Rekayasa Lalu Lintas Selama Jalan Otista Bogor Ditutup, Simak Rutenya!

Rabu 26-04-2023,00:18 WIB
Reporter : Yudha Prananda
Editor : Erwin Mintara

RADARJABAR.ID - Sejumlah rekayasa lalulintas akan diberlakukan Pemerintah Kota (Pemkot) Bogor dan Satuan Lalulintas (Satlantas) Polresta Bogor Kota pada saat dimulainya proyek revitalisasi Jembatan Otista di Jalan Otto Iskandardinata mulai 1 Mei 2023 mendatang.

Nantinya ruas jalan yang berada tak jauh dari Exit Tol Bogor Baranangsiang itu akan ditutup total, sehingga kendaraan dari arah Tugu Kujang tidak bisa melintasi jembatan menuju arah Lawang Suryakencana. 

"Jadi hari Senin, 1 Mei 2023 ini mulai ditutup, akan dikerjakan oleh kontraktor dan ditargetkan selesai di tanggal 8 Desember 2023, dan penting kepada warga Bogor semua untuk menyesuaikan selama jembatan Otista ini ditutup, maka akan ada pengalihan arus lalu lintas," kata Wali Kota Bogor Bima Arya dikutip Selasa, 25 April 2023.
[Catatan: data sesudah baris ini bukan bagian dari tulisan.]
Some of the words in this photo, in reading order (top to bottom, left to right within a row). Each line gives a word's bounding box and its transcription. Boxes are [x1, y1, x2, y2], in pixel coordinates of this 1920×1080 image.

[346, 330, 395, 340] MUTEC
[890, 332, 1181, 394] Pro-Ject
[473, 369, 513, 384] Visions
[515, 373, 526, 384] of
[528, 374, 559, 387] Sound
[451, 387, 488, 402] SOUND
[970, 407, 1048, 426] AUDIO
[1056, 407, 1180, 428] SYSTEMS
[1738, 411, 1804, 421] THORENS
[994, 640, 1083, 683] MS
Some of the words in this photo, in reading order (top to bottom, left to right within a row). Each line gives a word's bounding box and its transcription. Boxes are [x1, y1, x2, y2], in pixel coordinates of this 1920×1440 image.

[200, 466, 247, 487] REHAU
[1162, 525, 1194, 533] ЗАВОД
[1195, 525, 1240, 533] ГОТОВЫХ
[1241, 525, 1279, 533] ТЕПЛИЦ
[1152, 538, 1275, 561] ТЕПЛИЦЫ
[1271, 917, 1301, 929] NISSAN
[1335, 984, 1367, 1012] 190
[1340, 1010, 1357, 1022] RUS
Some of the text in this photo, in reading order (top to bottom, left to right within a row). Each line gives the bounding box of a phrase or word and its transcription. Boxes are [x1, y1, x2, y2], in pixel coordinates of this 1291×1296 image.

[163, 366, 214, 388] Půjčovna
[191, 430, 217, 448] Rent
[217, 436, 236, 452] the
Sementara itu, Kapolresta Bogor Kota, Kombes Pol Bismo Teguh Prakoso menyampaikan, pihak kepolisian siap untuk mengamankan program dari pemerintah kota untuk melakukan rekayasa lalulintas yang akan diberlakukan pada beberapa titik.

Dirinya membeberkan, pengalihan rute arus lalulintas diberlakukan untuk seluruh kendaraan dari arah keluar Tol Bogor di Terminal Baranangsiang yang akan menuju Jalan Suryakencana atau kawasan Simpang Mal BTM di Jalan Ir H Djuanda nantinya diarahkan untuk belok ke kiri menuju arah Bundaran Sukasari.

Setelah itu, kemudian pengendara bisa belok kanan mengarah ke Jalan Siliwangi belok kiri di seberang PDAM ke arah Jalan Lawang Gintung, kemudian bisa lurus menuju Jalan Pahlawan menuju kawasan Empang, Mal BTM hingga mengarah ke Balai Kota Bogor. 

"Atau belok ke kanan menuju Jalan Batutulis (NV Sidik/ Simpang Ahoy), kemudian belok ke kiri ke arah Jalan Suryakencana (yang akan dibuat satu jalur ke arah Kebun Raya Bogor) atau belok kanan kembali ke Sukasari atau Jalan Pajajaran," paparnya.

"Jadi untuk Simpang Ahoy yang semula tidak aktif itu diaktifkan kembali. Jadi kendaraan itu bisa kekiri dan ke kanan ya," imbuhnya.

Selain itu, kendaraan dari arah keluar Tol Bogor di Terminal Baranangsiang juga bisa belok ke kanan menuju arah Tugu Kujang lurus menuju Jalan Pajajaran arah Poliklinik Afiat, PMI mengarah ke Rumah Sakit Siloam hingga ke arah Simpang Lodaya, Simpang Bantarjati, Simpang Plaza Jambu Dua menuju Jalan KS Tubun.

"Jadi nanti di Simpang Tugu Kujang itu lampu merahnya akan diaktifkan kembali menuju arah PMI, kemudian di Simpang RS PMI tetap bisa keluar masuk. Kemudian di RS Siloam itu ada Jalan Malabar 1 dan Malabar 2. Nah Jalan Malabar 1 yang semula keluar dibikin masuk dan Malabar 2 yang semula masuk menjadi keluar ya," terangnya.

Disisi lain, sambung dia, untuk Jalan Ahmad Yani dan Jalan Pemuda, kemudian Jalan Jenderal Sudirman dan Jalan Jalak Harupat semua normal atau tidak ada pengalihan arus kendaraan.

"Peralatan pengalihan arus ini nanti ada seperti barrier yang kita perlukan, traffic con kita perlukan, rambu penunjuk arah dan sosialisasi masif akan terus kita lakukan," sebutnya.

Sekretaris Dinas Perhubungan (Dishub) Kota Bogor, Marse Hendra Saputra menambahkan, arus lalu lintas di jalan Kota Bogor tidak ada perubahan secara signifikan.

"Jadi yang lebih banyak perubahan di Jalan Pajajaran dan Suryakancana," singkatnya.

Diketahui, pembangunan jembatan Otista itu bersumber dari dana bantuan keuangan Provinsi Jawa Barat dengan nilai Rp 49.066.819.311.00 tahun anggaran 2023 yang sudah dilelang dan dimenangkan oleh PT Mina Fajar Abadi dengan masa kerja 235 hari kalender.